例如,下面的 xpath 将选择所有表。

string srxPathOfCategory = "//table";
var selectedNodes = myDoc.DocumentNode.SelectNodes(srxPathOfCategory);

下面的代码选择表,但从最外部的表开始。我需要选择包含给定字符串

//table[contains(., ' KDV')]

c# 、 xpath 、 htmlagilitypack的最内部表

I have to gather information from a product page which does not have any class or id. I am using htmlagilitypack and c# 4.0.

There are many tables at this product page source code. The prices table contains " KDV" string. So i would like to get this " KDV" string containing table. How can i do that ?
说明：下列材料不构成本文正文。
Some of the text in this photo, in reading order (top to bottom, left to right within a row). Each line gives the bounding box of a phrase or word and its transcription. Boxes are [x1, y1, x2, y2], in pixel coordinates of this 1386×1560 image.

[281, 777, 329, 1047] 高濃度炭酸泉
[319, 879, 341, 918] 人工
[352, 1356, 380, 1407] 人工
The xpath below would select all tables for example

string srxPathOfCategory = "//table";
var selectedNodes = myDoc.DocumentNode.SelectNodes(srxPathOfCategory);

The code below selects the table but starting from most outer table. I need to select most inner table which contains that given string

//table[contains(., ' KDV')]

c# , xpath , htmlagilitypack

如果你对这篇内容有疑问,欢迎到本站社区发帖提问 参与讨论,获取更多帮助,或者扫码二维码加入 Web 技术交流群。

扫码二维码加入Web技术交流群

发布评论

需要 登录 才能够评论, 你可以免费 注册 一个本站的账号。

评论(2

桃酥萝莉 2024-12-29 20:40:39

下面的代码选择表,但从最外面的表开始。我
需要选择包含给定字符串的最内部表

使用

//table
    [not(descendant::table) 
   and 
     .//text()[contains(., ' KDV')]
    ]

这会选择 XML 文档中没有 table 后代的任何 table ,并且它有一个包含字符串 " KDV" 的文本节点后代。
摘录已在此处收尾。